New research suggests that gold could be the key to killing off brain cancer.
Scientists from Cambridge University made miniature golden balls (not that kind) and coated each one with cisplatin, a chemotherapy drug. Then they infused those into cancer cells taken from patients and used conventional radiotherapy on them. This activated the gold to release electrons, damaging the cancer cells’ DNA, which killed existing diseased cells. After 20 days, no further cells had replicated, indicating that this could be an effective treatment option in future.
Although of course all cancer breakthroughs are good news, this one is especially important given that the type of cancer being studied, glioblastoma multiforme, is so aggressive.
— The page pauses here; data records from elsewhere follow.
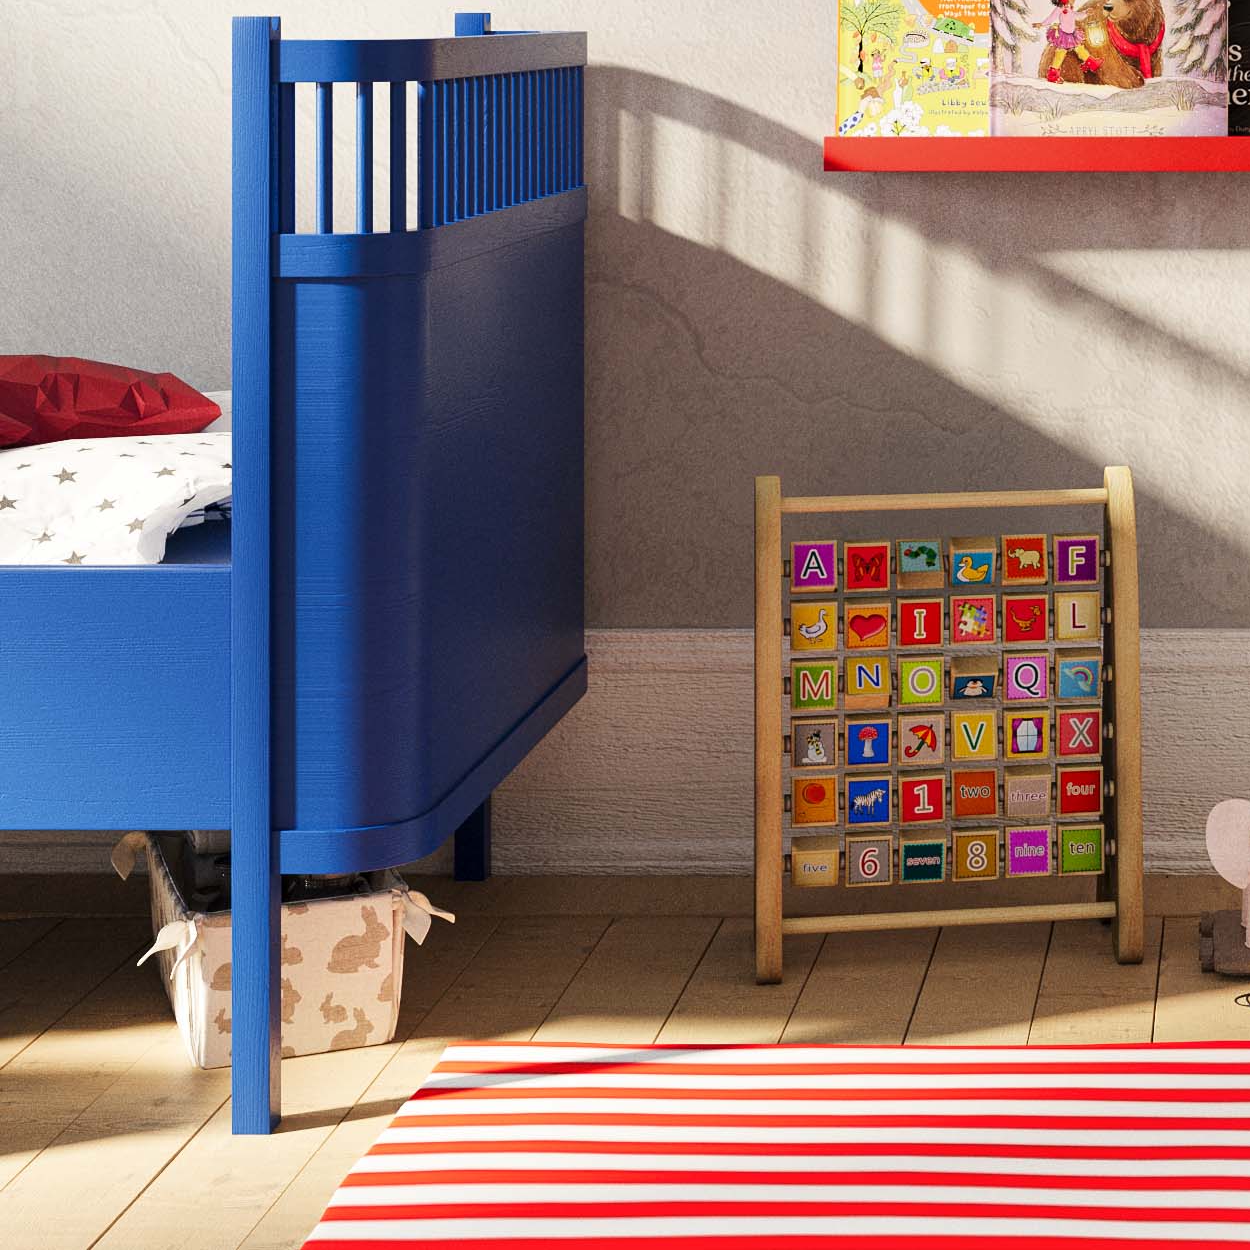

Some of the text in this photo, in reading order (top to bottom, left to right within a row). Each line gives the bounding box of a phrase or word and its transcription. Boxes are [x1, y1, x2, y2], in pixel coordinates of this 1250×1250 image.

[801, 549, 827, 579] A
[1068, 546, 1086, 575] F
[913, 608, 927, 639] I
[1071, 602, 1086, 629] L
[800, 670, 831, 699] M
[856, 664, 880, 689] N
[909, 666, 936, 694] O
[1013, 661, 1040, 696] Q
[961, 722, 985, 751] V
[1069, 717, 1093, 748] X
[914, 784, 933, 813] 1
[959, 783, 991, 799] two
[1010, 789, 1047, 802] three
[1066, 782, 1096, 796] four
[905, 856, 940, 867] seven
[966, 841, 987, 871] 8
[1014, 844, 1045, 857] nine
[1069, 841, 1095, 855] ten
[802, 862, 828, 873] five
[859, 848, 880, 877] 6
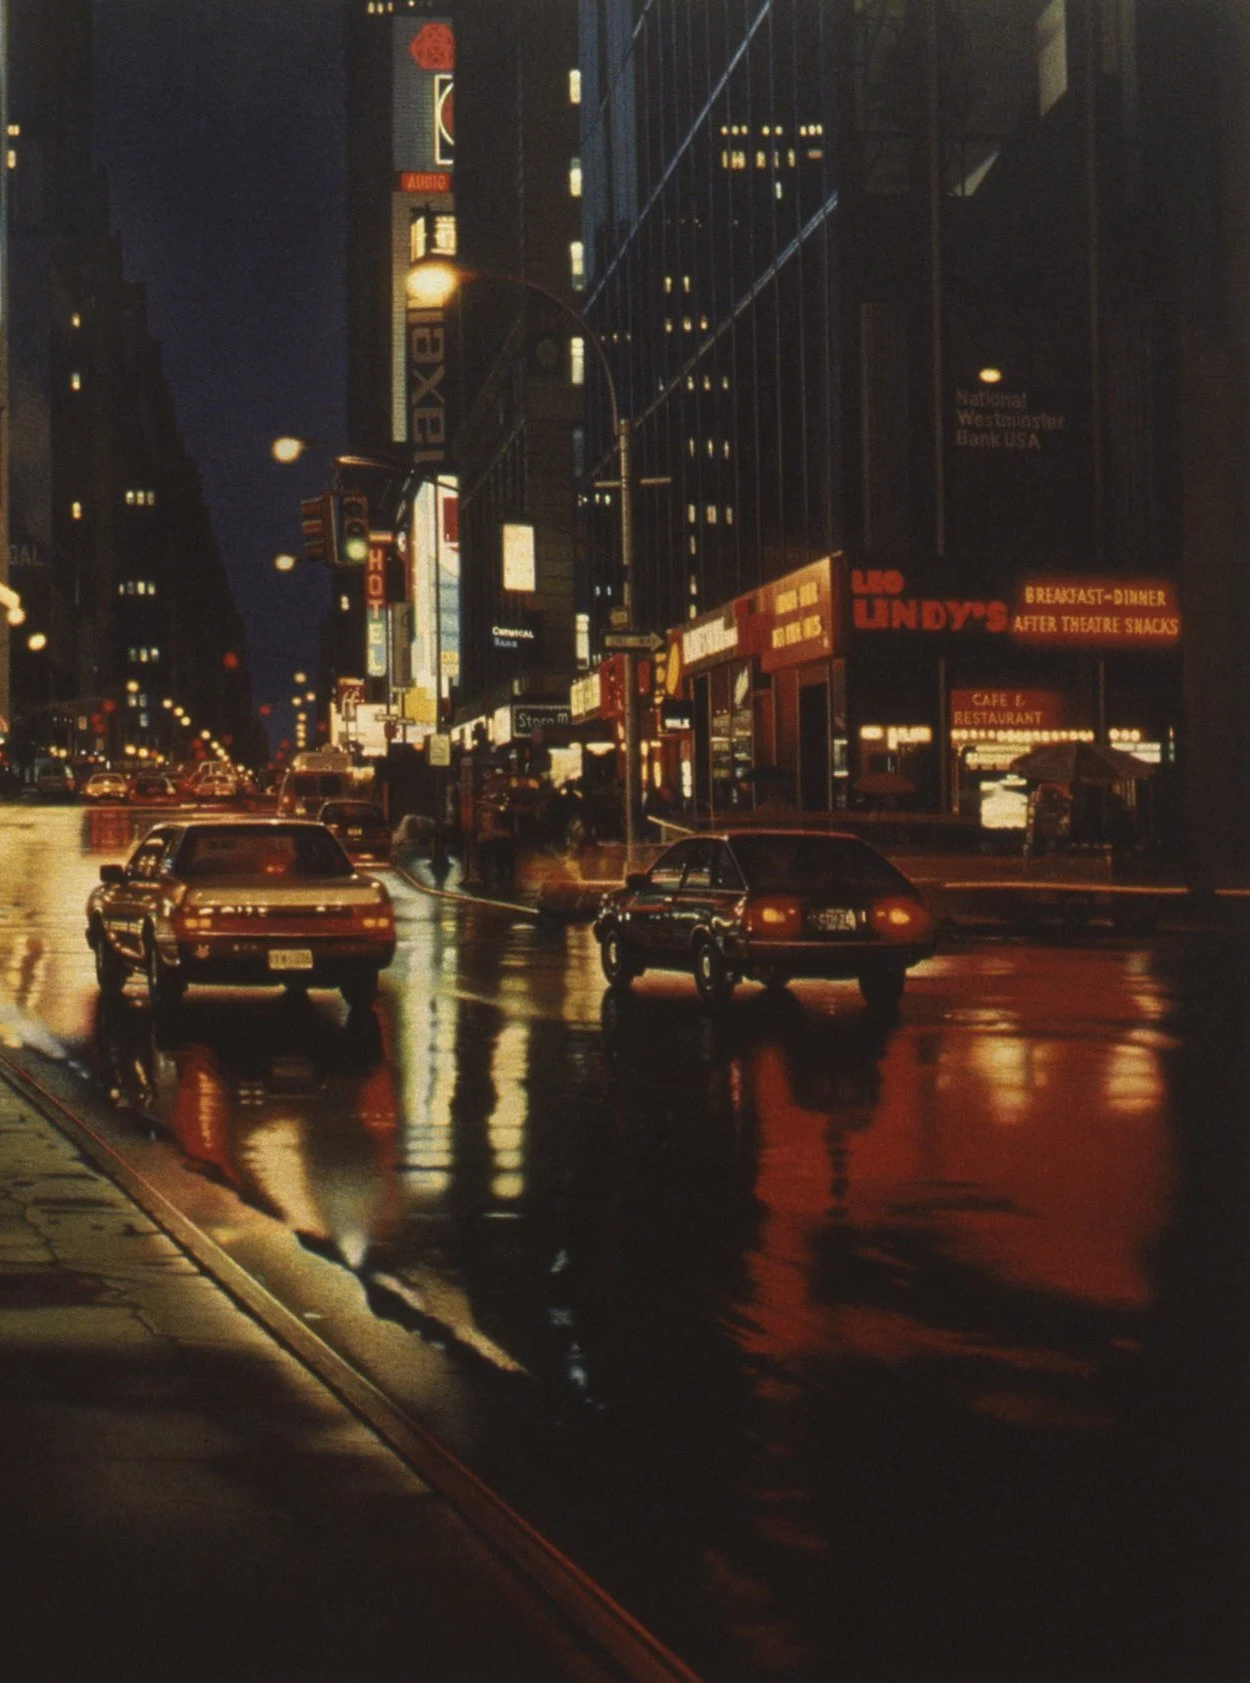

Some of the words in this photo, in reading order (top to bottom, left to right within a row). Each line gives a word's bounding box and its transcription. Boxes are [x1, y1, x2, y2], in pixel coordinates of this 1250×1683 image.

[956, 388, 1028, 408] National
[956, 408, 1065, 430] Westminster
[956, 428, 1000, 448] Bank
[1003, 431, 1041, 450] USA
[852, 568, 905, 595] LEO
[1024, 586, 1166, 607] BREAKFAST-DINNER
[368, 549, 384, 673] HOTEL
[1013, 616, 1057, 633] AFTER
[1061, 616, 1121, 635] THEATRE
[1125, 617, 1179, 636] SNACKS
[971, 693, 1008, 707] CAFE
[953, 711, 1043, 726] RESTAURANT
The most common type of brain cancer, it affects 4000 people in the UK each year and proves fatal within 5 years in 94% of cases. Tumour cells often surround healthy tissue, making it all but impossible to remove.
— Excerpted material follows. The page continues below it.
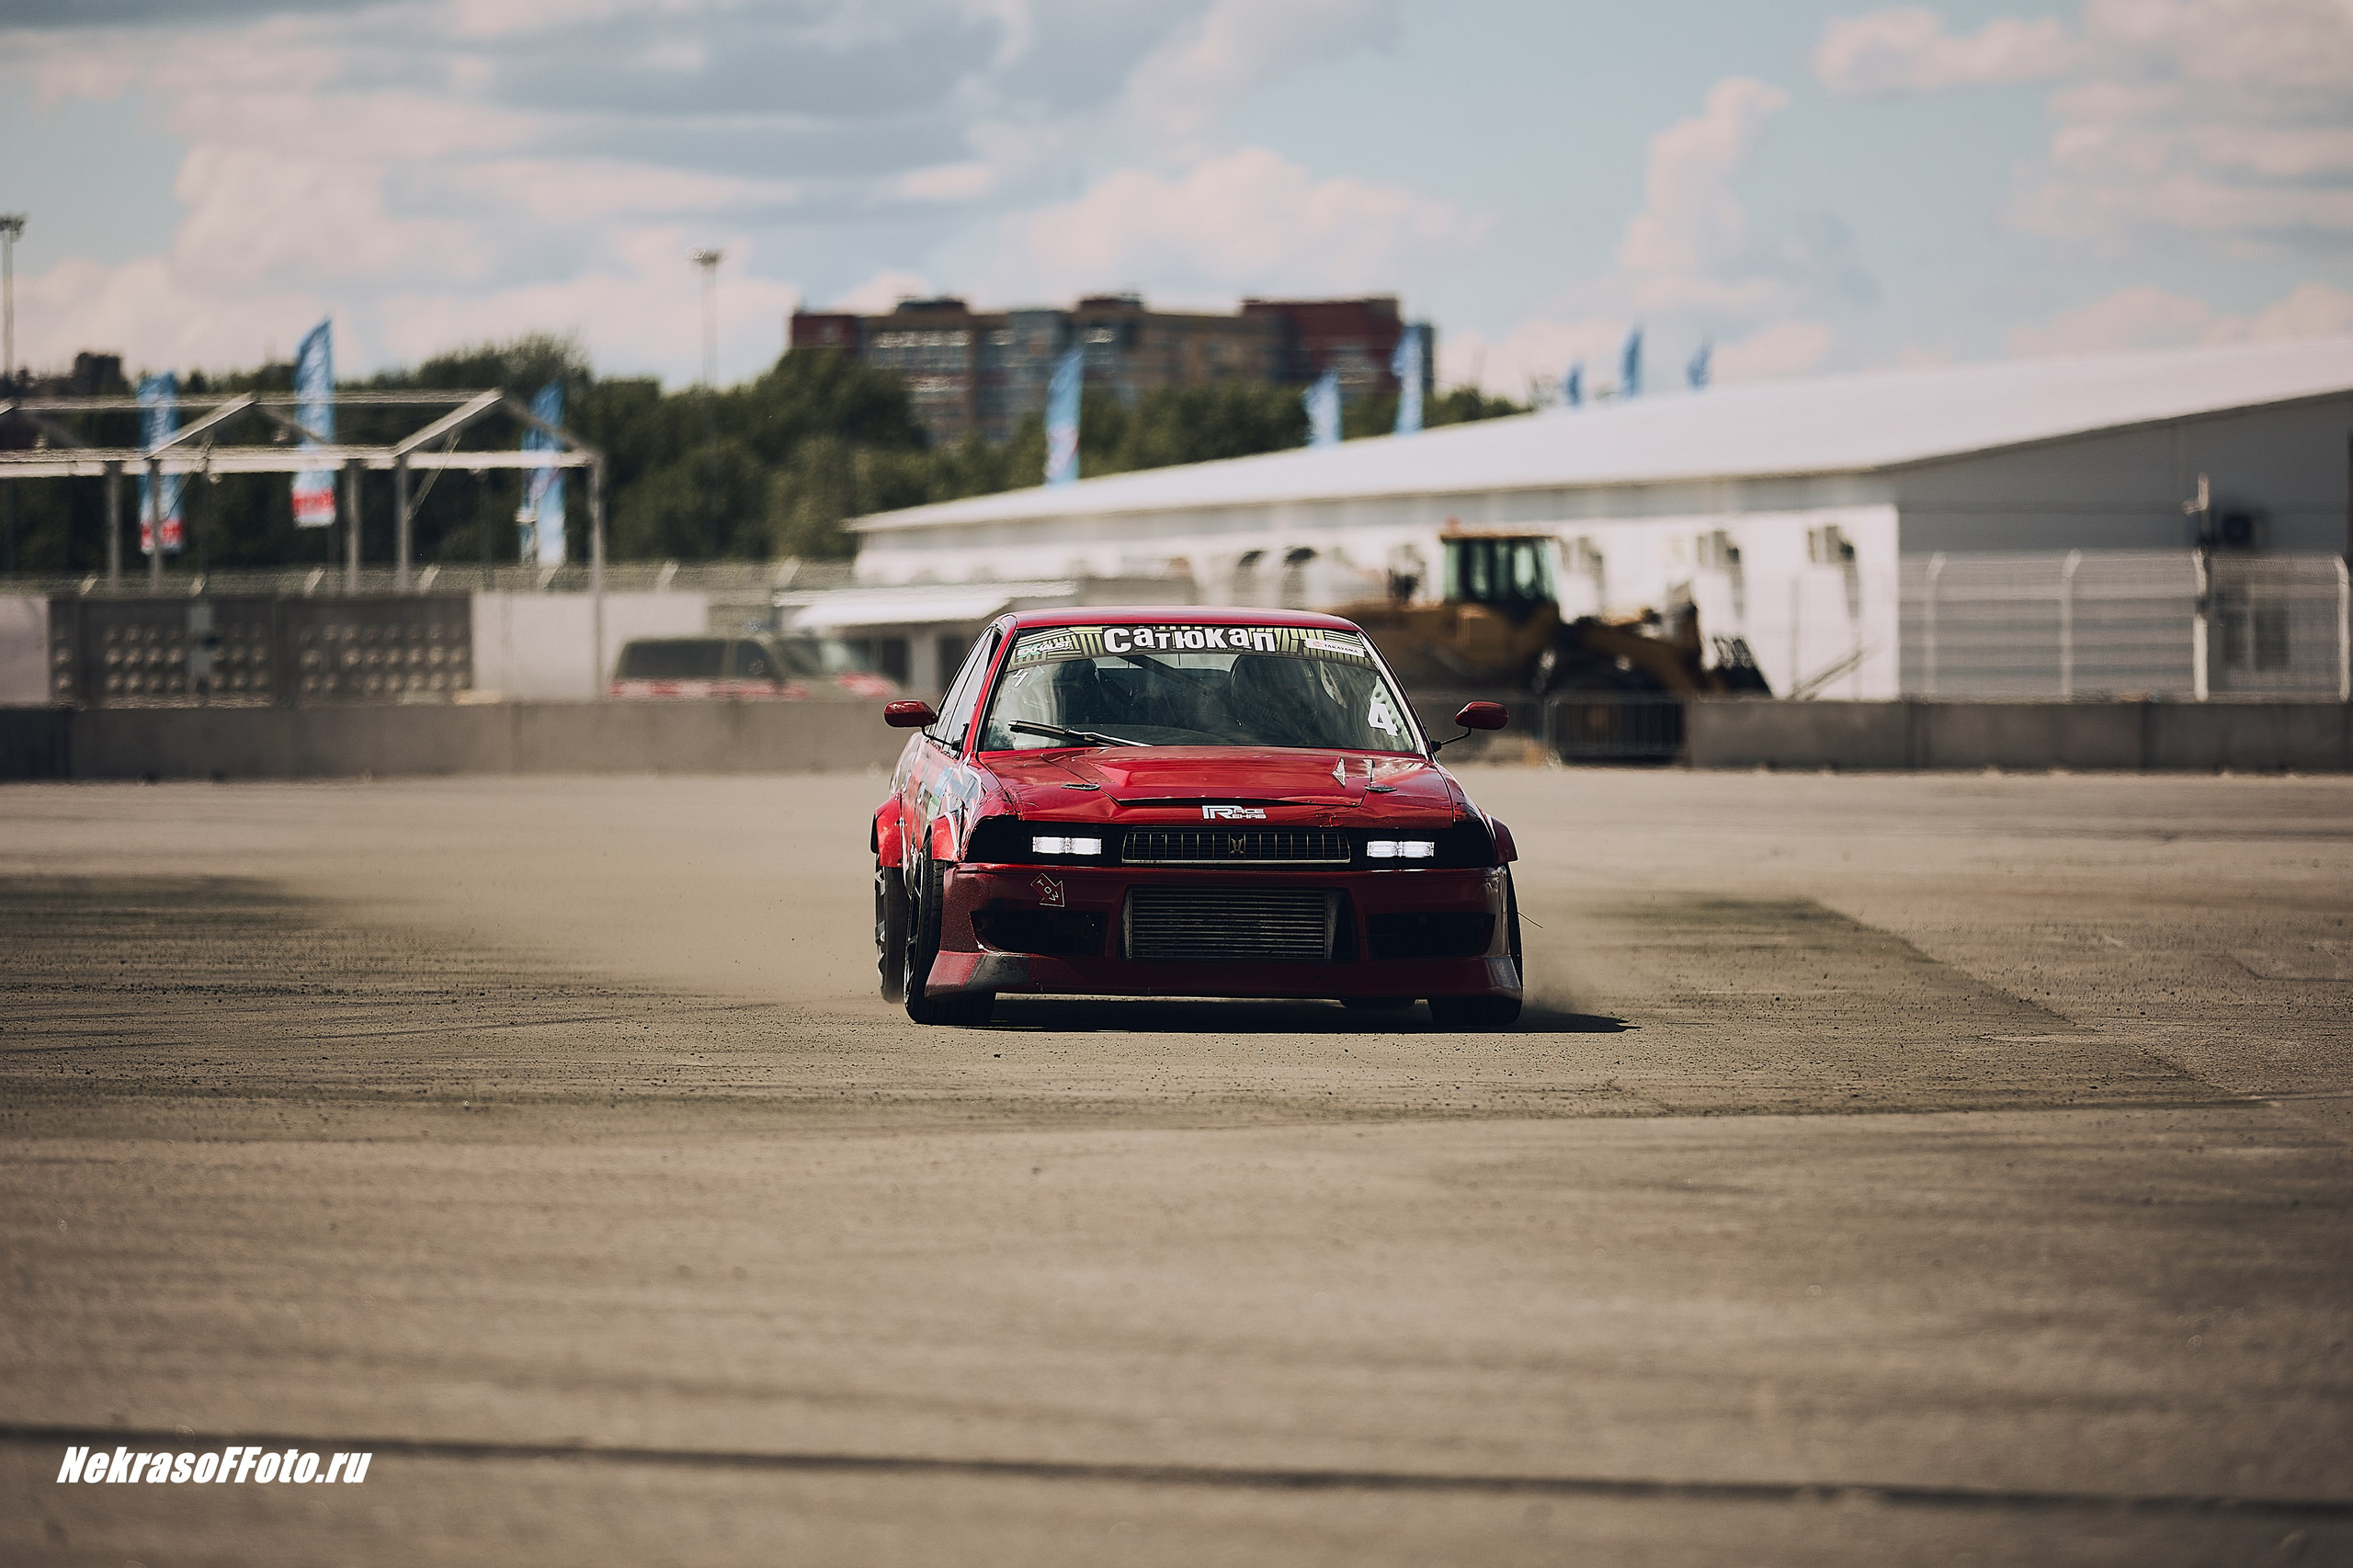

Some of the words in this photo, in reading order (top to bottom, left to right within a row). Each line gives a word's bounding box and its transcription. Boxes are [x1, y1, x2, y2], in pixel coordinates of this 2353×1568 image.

[1324, 644, 1358, 653] TAKAYAMA
[1368, 702, 1398, 736] 4
[1037, 879, 1059, 901] TOW
Researchers have been working instead on therapies that can specifically target the cancer cells. As the BBC reports, the team behind the study used chemotherapy and radiotherapy along with the nanospheres of gold (each of which is four million times thinner than a strand of human hair) to maximise the potential benefits of each.
They’re now planning to test the technique on other traditionally treatment-resistant forms of cancer, and hope to start human trials for patients with glioblastoma multiforme in the next couple of years.